The COInr-Med database had 293,580 sequences, representing a 61.6% of reduction of the database size compared to COInr-WO-Insecta. Switching from the COInr-WO-Insecta to the COInr-Med database, the increasing resolution was the most frequent type of change (598, 828, 2321, 1397), followed by ASVs becoming unassigned (457, 329, 1372, 469), for VTAM, RDP, QIIME_SKLEARN and QIIME_BLAST, respectively (Fig. 4, Data S13).

Adding new barcodes from the local fauna to the reference database

Out of the 116 newly barcoded specimens, 96 were identified to a species, 17 to genus, one to family and two to class level. Among the barcodes, 52 sequences belonged to taxa (45 different species and 1 genus) not yet present in the COInr database, 61 were from taxa (one class, one family, five genera, 34 species) already present in COInr but different from already existing sequences due to intra-taxon variability, and 3 were identical to reference sequences of the same taxon. The 52 sequences from taxa new to COnr database are coming from six different phyla: Annelida (19), Arthropoda (9), Bryozoa (3), Echinodermata (2), Mollusca (18) and Platyhelminthes (1). The complete list of sequences, lineages and NCBI accessions can be found in Data S2.

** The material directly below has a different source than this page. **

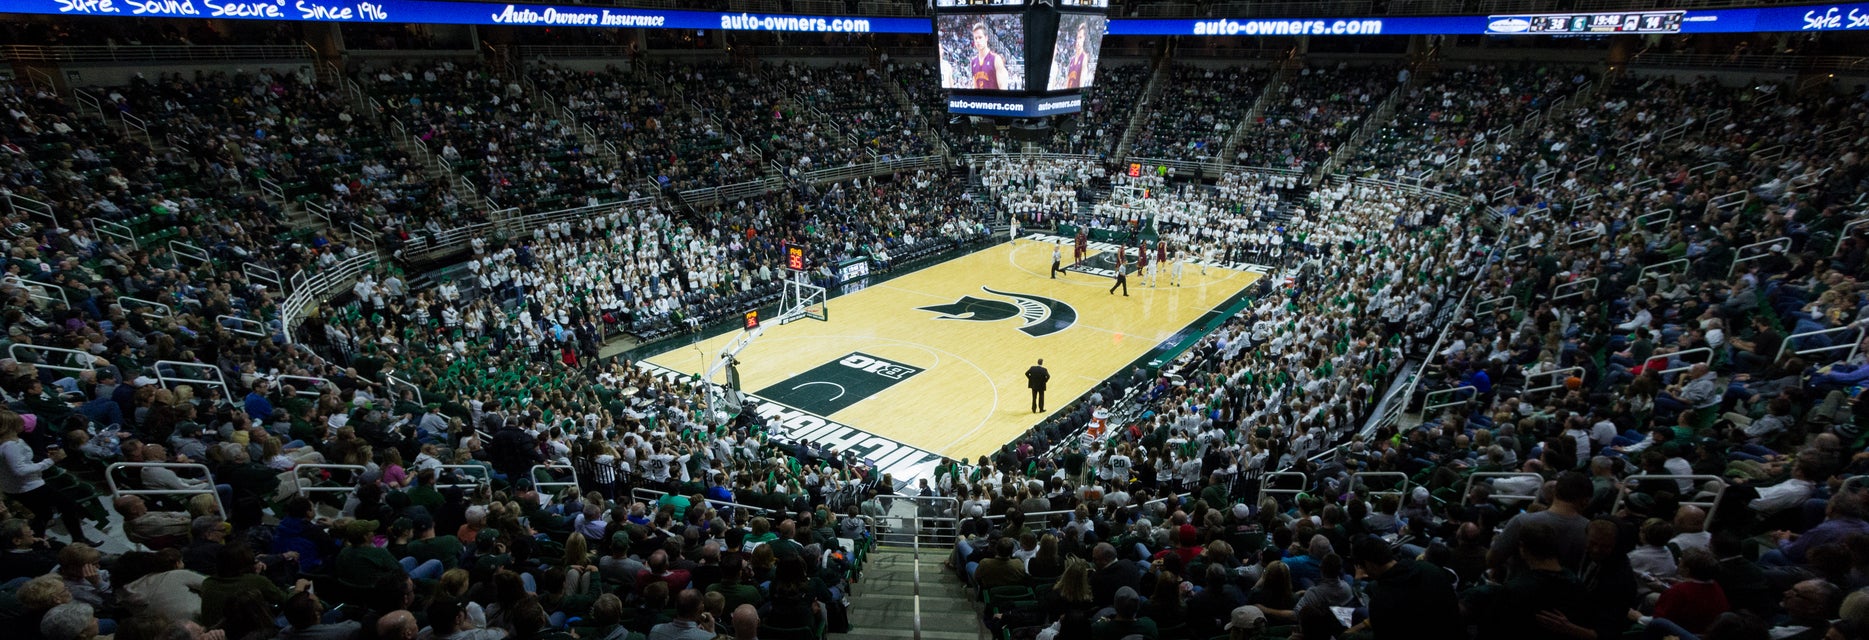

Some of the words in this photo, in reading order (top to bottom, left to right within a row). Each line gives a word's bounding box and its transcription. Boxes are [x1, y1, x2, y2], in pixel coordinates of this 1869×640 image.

When adding 116 local barcoding sequences (COInr-Med+) to the COInr-Med database (Fig. 4C, Fig. S2) the assignment of few sequences changed but the increase of resolution clearly outnumbered the ASVs with decreased resolution (Fig. 4). The total number of assignments that changed resolution was 48, 97, 76 and 107 for VTAM, RDP, QIIME_SKLEARN and QIIME_BLAST, respectively (Fig. 4, Data S13). This represents 0.7−1.4% of the ASVs, while the 116 new barcodes make up to only 0.04% of the COInr-Med database. As expected, most changes corresponded to increased resolution, meaning these ASVs resembled more to a new barcode than sequences in the COInr-Med database. However, 6, 24, 16 and 26 sequences (for VTAM, RDP, QIIME_SKLEARN, respectively) had decreased resolution which is likely the result of the presence of mislabeled sequences in the database.